第2章 タカシの夢はお笑い芸人? (その91)
「お父さん、先生にそう言われてショックだった。」
父親は、当時の心境を思い出すのか、両手で自分の顔を拭う。
「だ、だよねぇ~、そんな言い方って・・・。」
孝は当時の父親の心境を慮ってそうフォローする。
「そりゃあ、お父さんだって『そんなこと、思っちゃあいません!』って言いたかったさ。
でもな、冷静になって振り返ってみると、先生の指摘は決して的を外してないって・・・。」
「ええっ! ど、どうして?」
「だから、さっきも言ったんだが、自分が何をしたいのか、どんな大人になろうとしているのか、そうした方向を決めることに躊躇してたんだな。
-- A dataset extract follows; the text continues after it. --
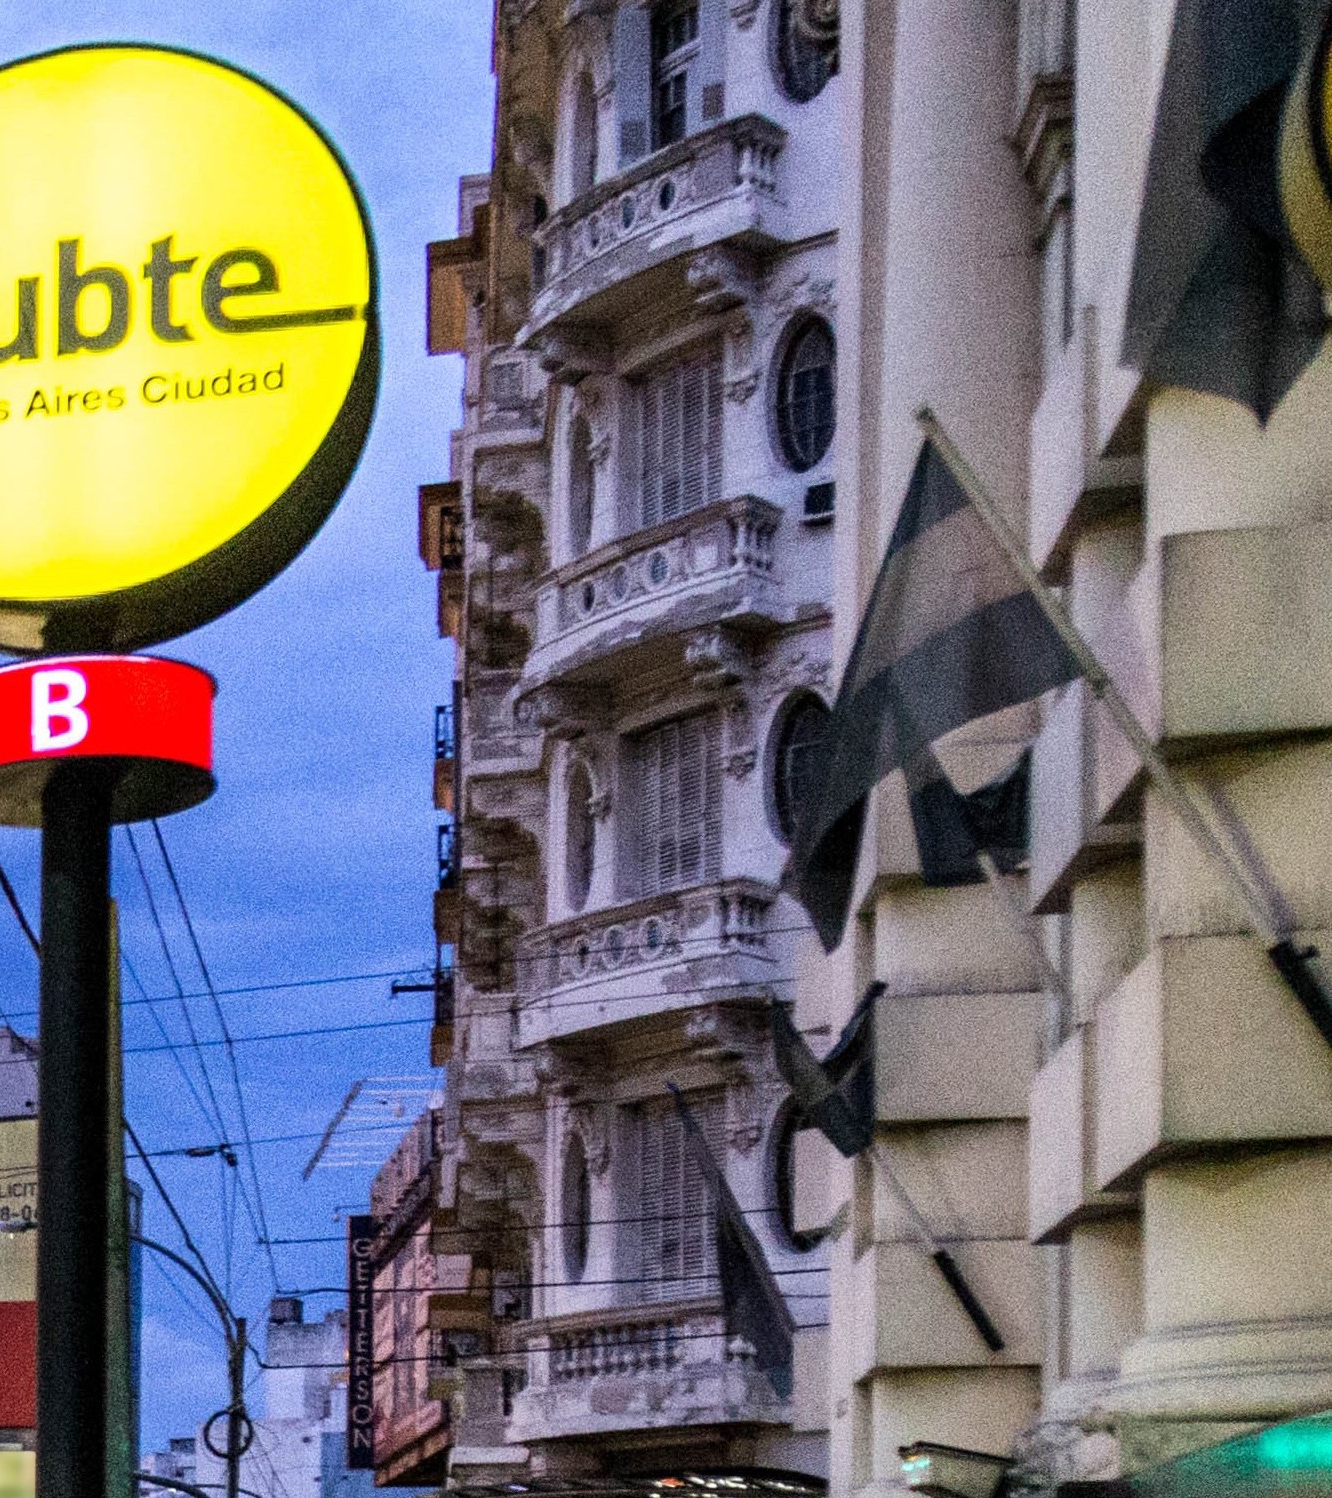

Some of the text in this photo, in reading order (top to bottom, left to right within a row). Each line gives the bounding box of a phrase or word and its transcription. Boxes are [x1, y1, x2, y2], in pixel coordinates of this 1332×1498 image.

極端な話、中学を卒業したくなかった。つまりは、答えの先延ばし、決断の先送りだ。」
「そ、そんなぁ~・・・。」
「中学までは義務教育だ。言い換えれば、どこの家のどんな子でも、そこまでは教育を受ける権利があるし、親はその教育を受けさせる義務がある。
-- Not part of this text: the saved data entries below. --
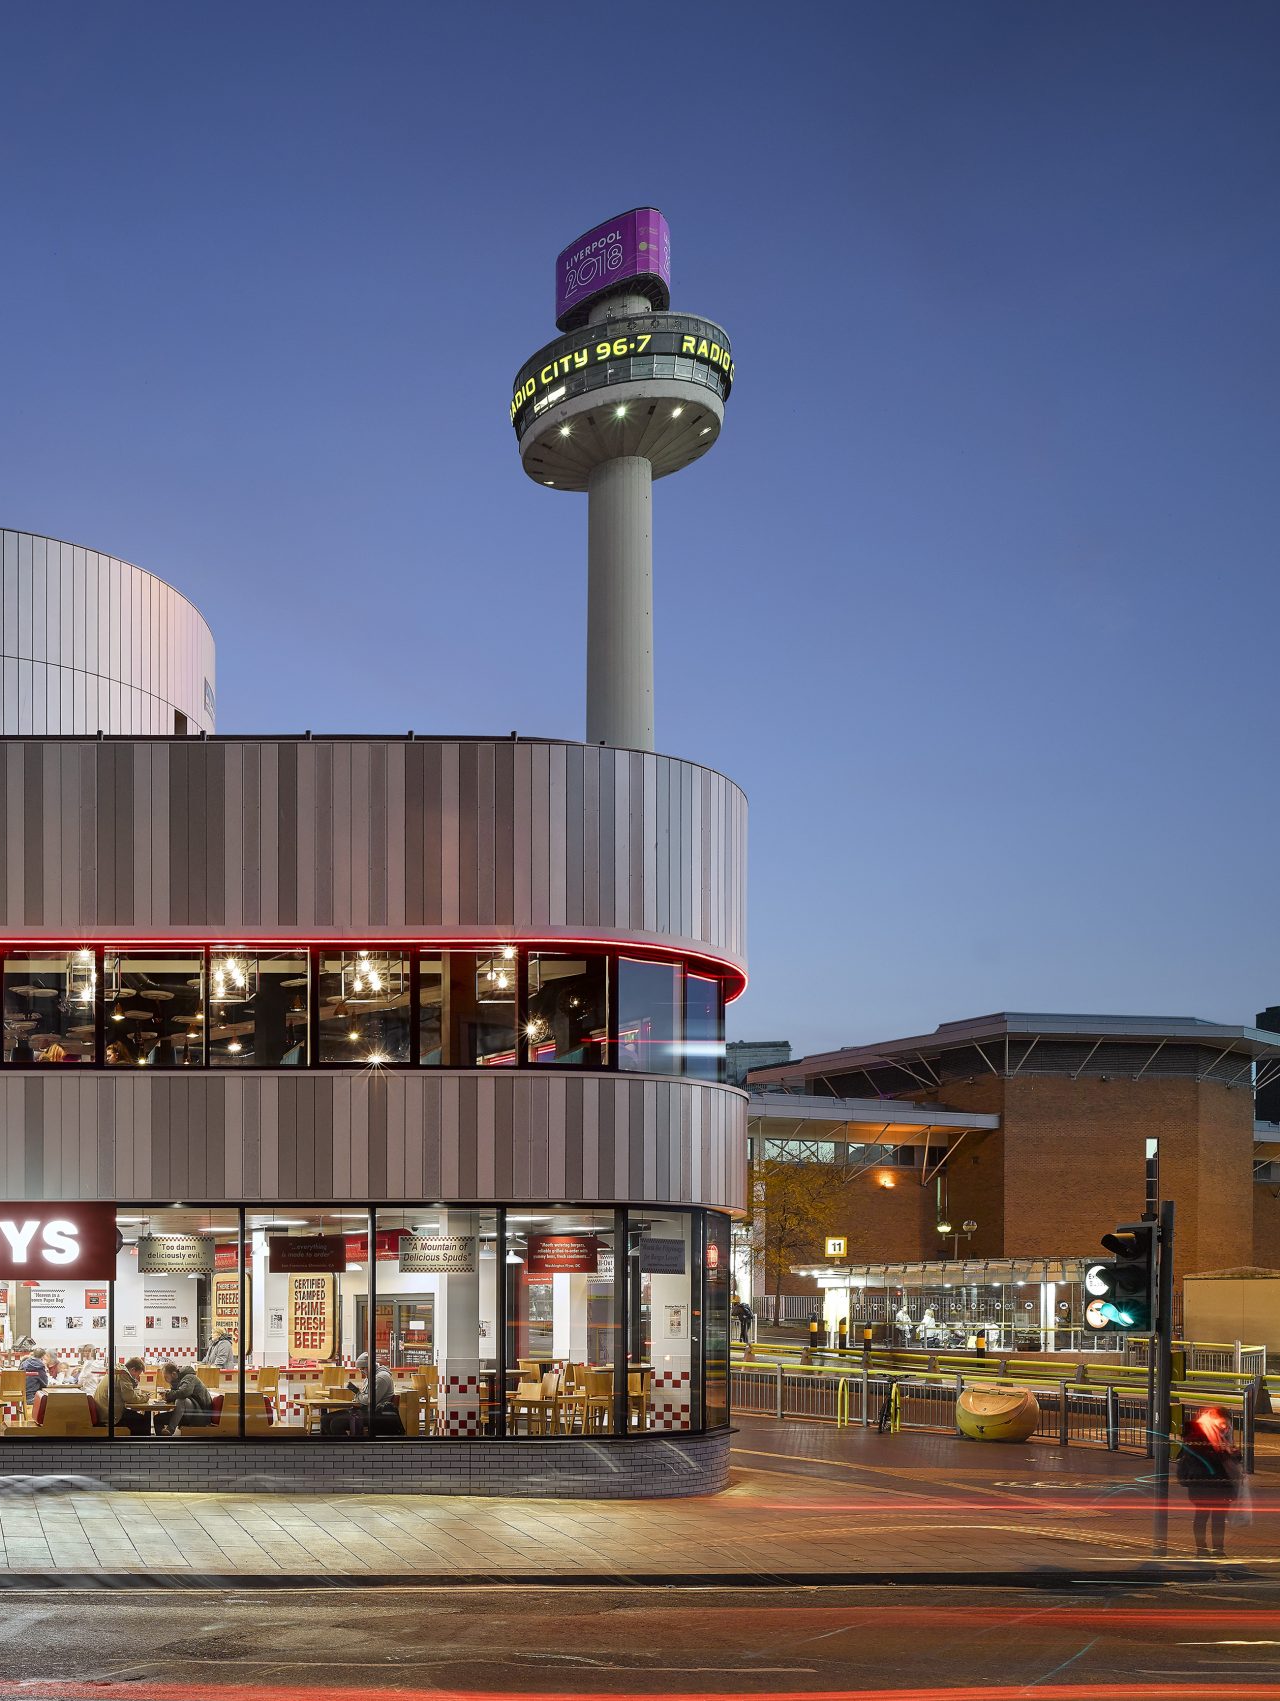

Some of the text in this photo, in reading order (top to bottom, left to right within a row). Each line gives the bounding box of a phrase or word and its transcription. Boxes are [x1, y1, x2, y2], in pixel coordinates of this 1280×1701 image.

[566, 231, 622, 270] LIVERPOOL
[565, 243, 622, 299] 2018
[682, 335, 730, 371] RADIO
[541, 347, 588, 385] CITY
[832, 1242, 842, 1251] 11
[404, 1253, 472, 1262] Delicious Spuds"
[294, 1279, 326, 1289] CERTIFIED
[294, 1291, 326, 1300] STAMPED
[294, 1302, 326, 1315] PRIME
[294, 1317, 326, 1330] FRESH
[294, 1332, 326, 1349] BEEF
だが、中学を卒業したら、そこから先は本人と親とが自由に決められる。
高校から大学へと進学する道を選択することも出来るし、逆に卒業後すぐに仕事に就くことも可能だ。」
「そ、それはそうだけど・・・。」
「お父さん、その“自由に決められる”ってところばかりに意識が行ってたんだ。」
「ん?」
「つまりは、『俺の自由だ』ってことだ。」
「・・・・・・。」
孝は、言葉にはしなかったが、本音は「そのとおりでしょう?」と思った。
「それでも、家業を継ぐことも将来の選択肢として排除してはいなかったんだ。
さらに言えば、それだって、つまりは家業を継ぐか継がないかもお父さんの自由だって、頭のどこかで思っていたんだろうな。」
「・・・・・・。」
「先生が『両親を侮辱していることになる』って指摘したのは、きっとそうしたお父さんの身勝手さを感じていたからなんだろう。」
「で、でも・・・。」
孝は、まるで今の自分が指摘されたような気持ちになった。
「決してそうじゃあない」って言いたいのだが、それが言葉になっては出てこない。